But Brown had become familiar with the school. She could see downtown’s skyscrapers from its front doors while she was a teacher-in-training there during college.
Back then, she had rules. So many rules for kids: Stay seated on your carpet squares. Be silent in the hallways with pointer fingers over your lips. And she, like many teachers, had a behavior chart that let kids know by their assigned color whether they were acting “good” or “bad” that day.
“You hear learning is all around us, but we don’t let them touch, we don’t let them feel, we don’t let them look. Keep your head straight. Don’t turn around,” Brown said.
But she knows this isn’t natural for children or adults. “When you hear a noise, you turn and look.”
A different kind of school
Brown’s first principal post was at J.W. Ray Elementary School near Cityplace in Old East Dallas. There, she began to re-evaluate this traditional way of thinking.
Two years ago, when she heard about Dallas ISD’s plans to reopen the nearly century-old Harllee, she seized the chance to start her own school from scratch.
This school would become something different.
“Everything is not going to be in this perfect order in your classroom. It’s just the nature of working with little kids,” she said.
At Harllee, she doesn’t worry whether hallway lines are straight or kids are quiet. And her teachers don’t either.
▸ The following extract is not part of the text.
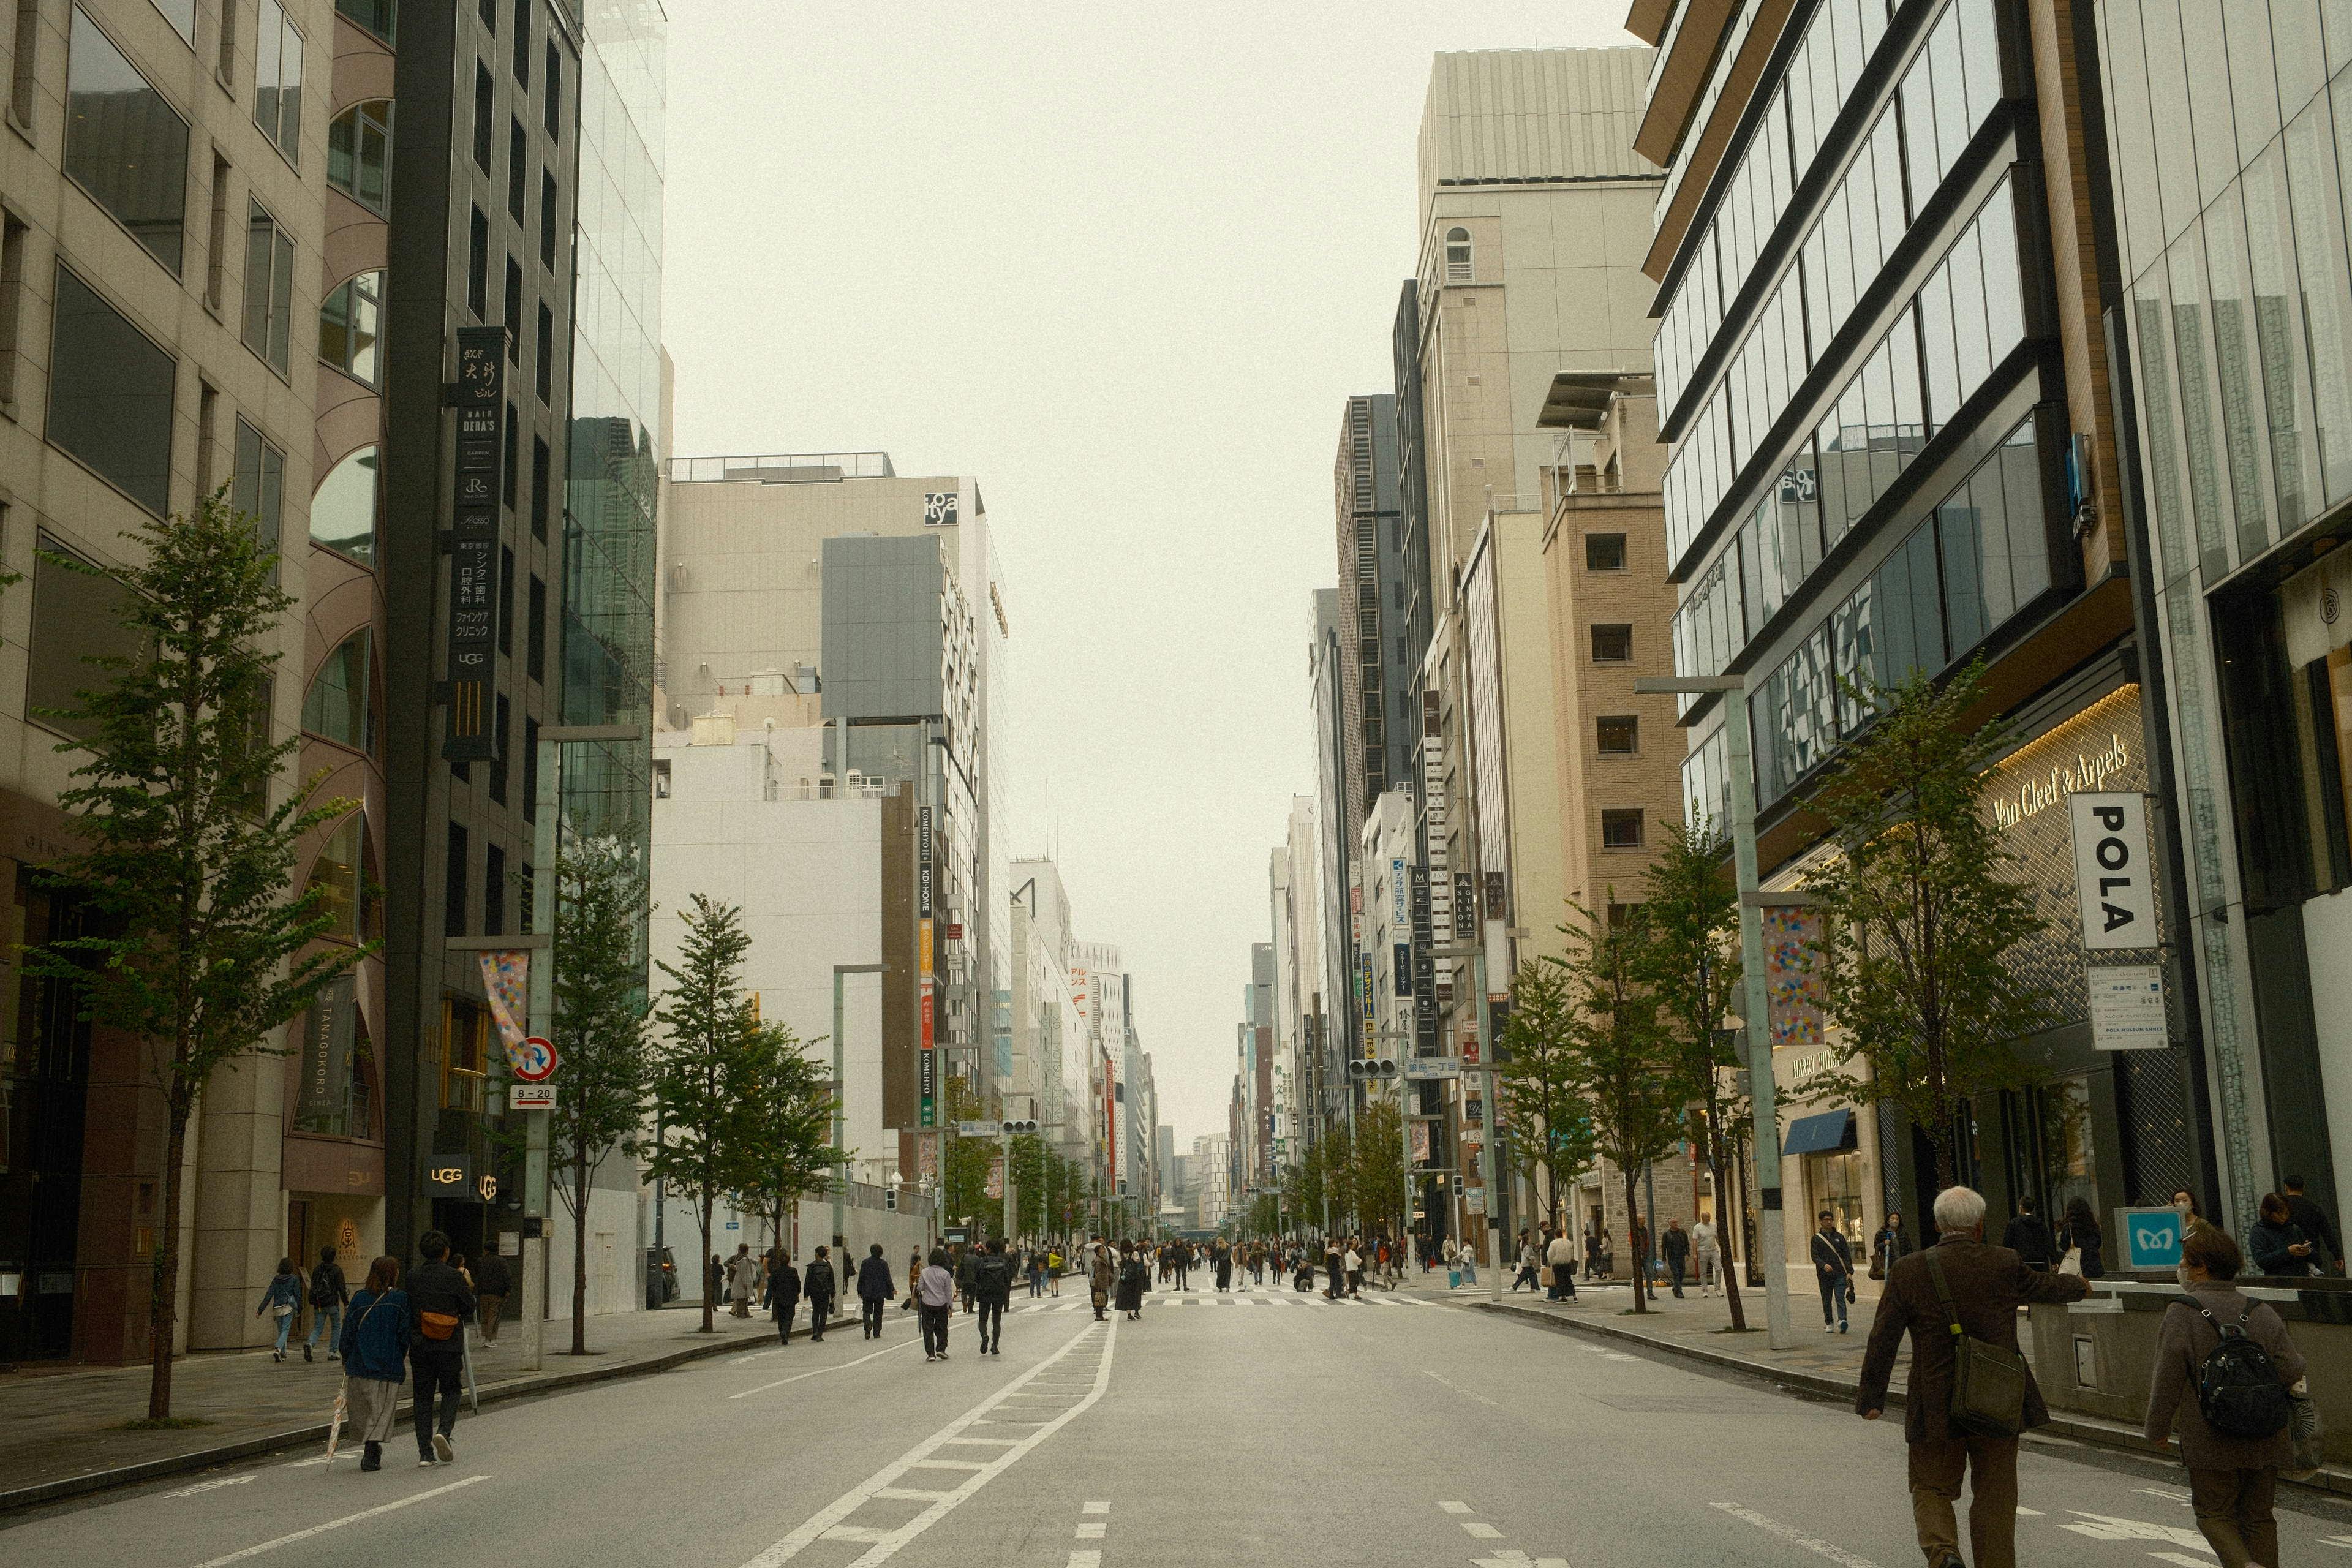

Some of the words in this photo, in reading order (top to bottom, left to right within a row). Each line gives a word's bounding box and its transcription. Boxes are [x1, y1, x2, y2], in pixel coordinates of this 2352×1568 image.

She doesn’t hire the ones who do.
She dared Harllee teachers to join her, persuading them to ditch their behavior charts — a “nail-biting” move for some that initially brought skepticism. Slowly, teachers embraced her way and the freedom to try different things.
“I feel like I can breathe,” said fine arts teacher Audry Rider, who followed Brown to Harllee from Ray. At Harllee — under Brown’s coaching to “just be you” — Rider swapped out desks for tables and let kids choose their own art projects, meaning they don’t all have to paint with watercolors.
“It creates this environment that no matter where I’m at, I can grow. It’s safe to make mistakes because she’s going to help guide us to wherever we need to be,” Rider said. “And it opens up a lot for transformation.”
But there’s a fine line between a little rowdiness and losing control. Brown said loosening the reins only works if teachers still keep a routine.
“I have some teacher friends who think it’s fluff. They don’t like it,” Brown admitted of her philosophy that stresses flexibility. “But it really does do well for the kids.”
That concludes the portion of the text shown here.